Haftbefehl-Debatte geht in die nächste Runde

Netanyahu und Trump im Weissen Haus am vergangenen Dienstag. 

Netanyahu vergleicht New York unter Mamdani mit den 1930er-Jahren.  

Israels Ministerpräsident Netanyahu hat den designierten New Yorker Bürgermeister Zohran Mamdani scharf angegriffen und dessen Haltung mit den politischen Verhältnissen der 1930er-Jahre verglichen. Anlass sind Mamdanis Forderungen, Netanyahu wegen des Haftbefehls des Internationalen Strafgerichtshofs (IStGH) bei einem Besuch in New York festnehmen zu lassen.
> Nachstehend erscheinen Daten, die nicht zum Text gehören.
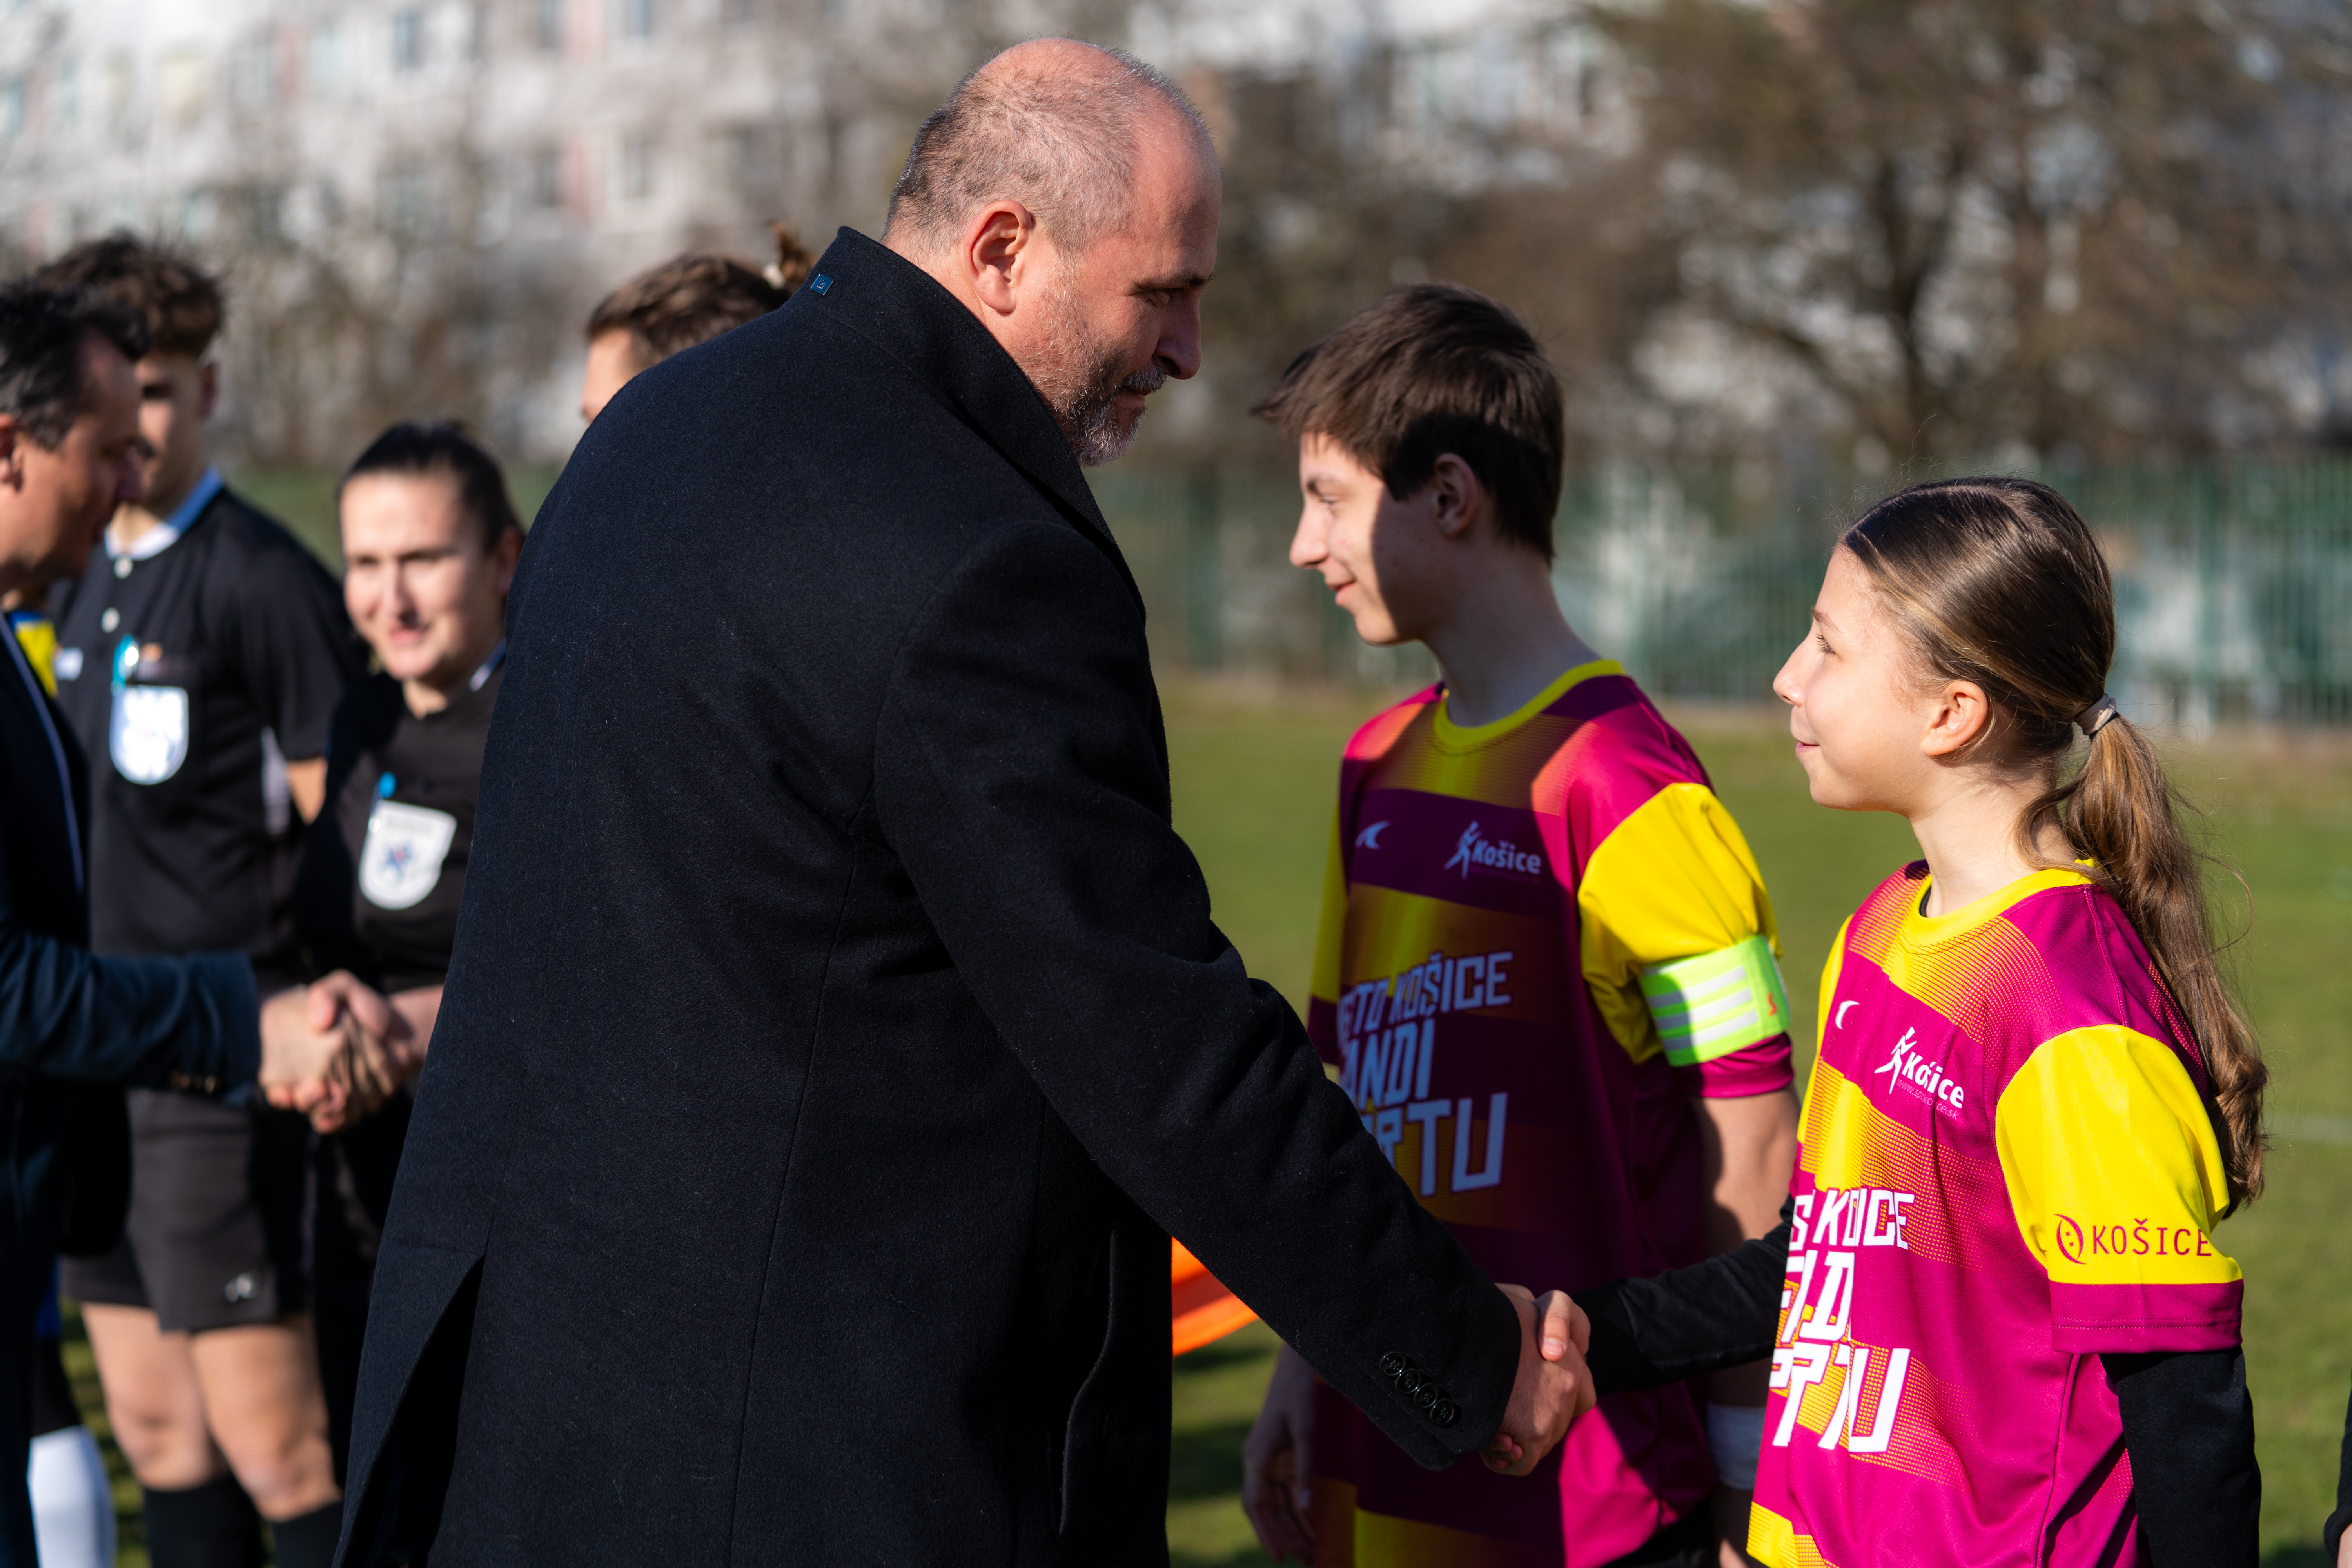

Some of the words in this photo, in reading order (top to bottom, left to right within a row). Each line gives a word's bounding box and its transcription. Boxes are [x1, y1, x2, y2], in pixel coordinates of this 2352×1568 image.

[1471, 838, 1541, 875] Košice
[1388, 950, 1513, 1024] KOŠICE
[2092, 1218, 2212, 1256] KOŠICE
In einem Interview erklärte Netanyahu, New York entwickle sich unter einer solchen Führung zu einem Ort, an dem Juden erneut ausgegrenzt würden. Er sprach von einem Klima des Hasses und zog Parallelen zur Vorkriegszeit in Europa. 
Netanyahu kündigte zugleich an, trotz der Kontroverse im September zur Generalversammlung der Vereinten Nationen nach New York zu reisen. Er bezeichnete die Vorwürfe des IStGH als politisch motiviert und wies die gegen ihn erhobenen Kriegsverbrechensvorwürfe entschieden zurück. Unterstützung erhielt er dabei von US-Präsident Donald Trump, der bereits erklärt hatte, Netanyahu werde bei einem Besuch in den USA nicht festgenommen. 
Mamdani hatte zuvor eingeräumt, dass die Stadt New York rechtlich keine Befugnis besitzt, den IStGH-Haftbefehl zu vollstrecken. Er forderte stattdessen die US-Bundesregierung auf, dem Gericht beizutreten und den Haftbefehl umzusetzen. Der Streit verdeutlicht die wachsenden Spannungen zwischen der israelischen Regierung und Teilen der progressiven US-Politik sowie die zunehmende Polarisierung der Debatte über Israel innerhalb der Demokratischen Partei.